Over-engineering is a well-known sin. We all recognise the team that introduces Kafka because someone read about it on the Uber blog, or reaches for CQRS when a CRUD app would do. Resume-driven development — choosing a technology because it looks good on your CV rather than because the problem demands it — is a real phenomenon. It doesn’t need a study to prove it. It ships production systems.

But the advice that follows — “just use a monolith”, “start simple”, “scale when it hurts” — can be almost as problematic as the over-engineered garbage on the other end. Not because simplicity is wrong, but because simplicity without architecture is just naivety with good branding.

Simple is not simplistic

Dan North has the best framing I’ve found for this. He calls it the “Best Simple System for Now” — the simplest system that meets the needs of the product right now, written to an appropriate standard. Not the simplest thing you can hack together. Not the system that anticipates every future requirement. The system that fits now, built well enough that you can change it later without hating yourself.

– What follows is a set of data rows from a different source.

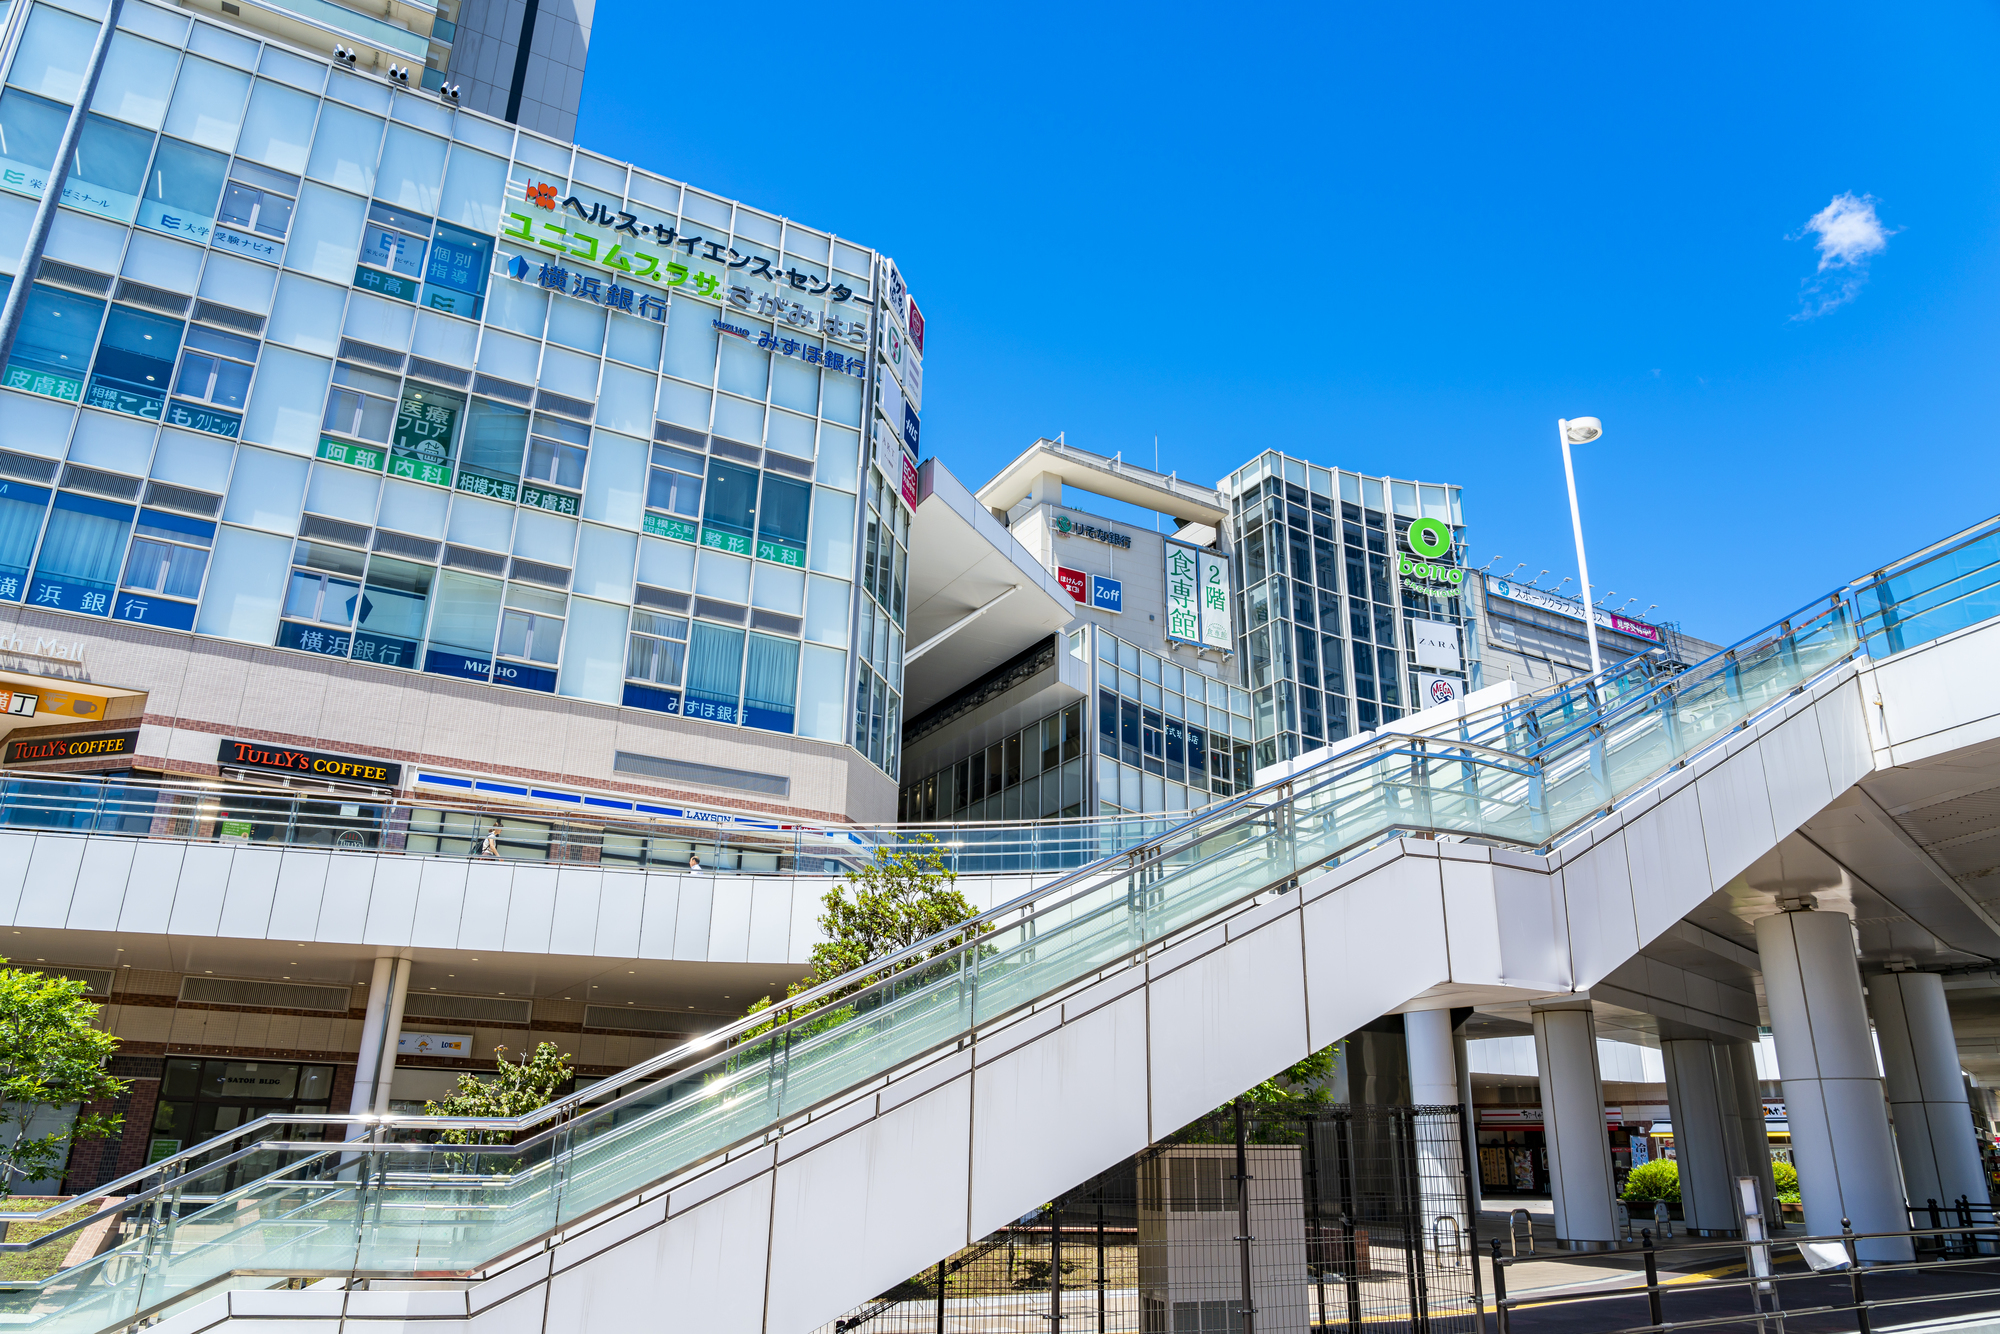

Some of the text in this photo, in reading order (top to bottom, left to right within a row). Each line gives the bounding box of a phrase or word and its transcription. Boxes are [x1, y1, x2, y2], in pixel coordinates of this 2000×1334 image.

[184, 222, 275, 256] 大学受験ナビオ
[562, 196, 874, 307] ヘルス・サイエンス・センター
[434, 245, 471, 269] 個別
[362, 272, 402, 295] 中高
[430, 261, 469, 286] 指導
[538, 262, 667, 323] 横浜銀行
[711, 318, 867, 379] MIZUHO みずほ銀行
[7, 369, 79, 402] 皮膚科
[91, 386, 118, 401] 相模
[90, 397, 115, 411] 大野
[400, 399, 450, 427] 医療
[397, 413, 449, 439] フロア
[326, 442, 443, 485] 阿部内科
[643, 515, 696, 536] 相模大野
[1075, 522, 1132, 549] りそな銀行
[704, 531, 798, 567] 整形外科
[1397, 551, 1464, 585] bono
[1060, 575, 1084, 588] ほけんの
[1095, 586, 1120, 602] Zoff
[1168, 548, 1198, 640] 食専館
[1205, 564, 1226, 613] 2階
[1404, 578, 1462, 599] SAGAMIONO
[0, 576, 149, 620] 横浜銀行
[1514, 587, 1571, 612] スポーツクラブ
[34, 636, 85, 663] Mall
[299, 629, 402, 666] 横浜銀行
[1418, 638, 1457, 651] ZARA
[463, 659, 519, 680] MIZHO
[1433, 682, 1453, 697] MEGA
[667, 697, 750, 725] みずほ銀行
[14, 739, 126, 760] TULLY'S COFFEE
[234, 742, 388, 782] TULLY'S COFFEE
[686, 809, 732, 823] LAWSON
[227, 1076, 256, 1084] SATOH

Kent Beck’s four rules of simple design say the same thing from a different angle. In his original priority order: passes the tests, reveals intention, no duplication, fewest elements. Notice the ordering. “Fewest elements” is last. Developers obsess over minimising moving parts when they should be obsessing over clarity and correctness. More small, well-named classes that reveal intent is simpler — in every way that matters — than fewer large classes that hide it.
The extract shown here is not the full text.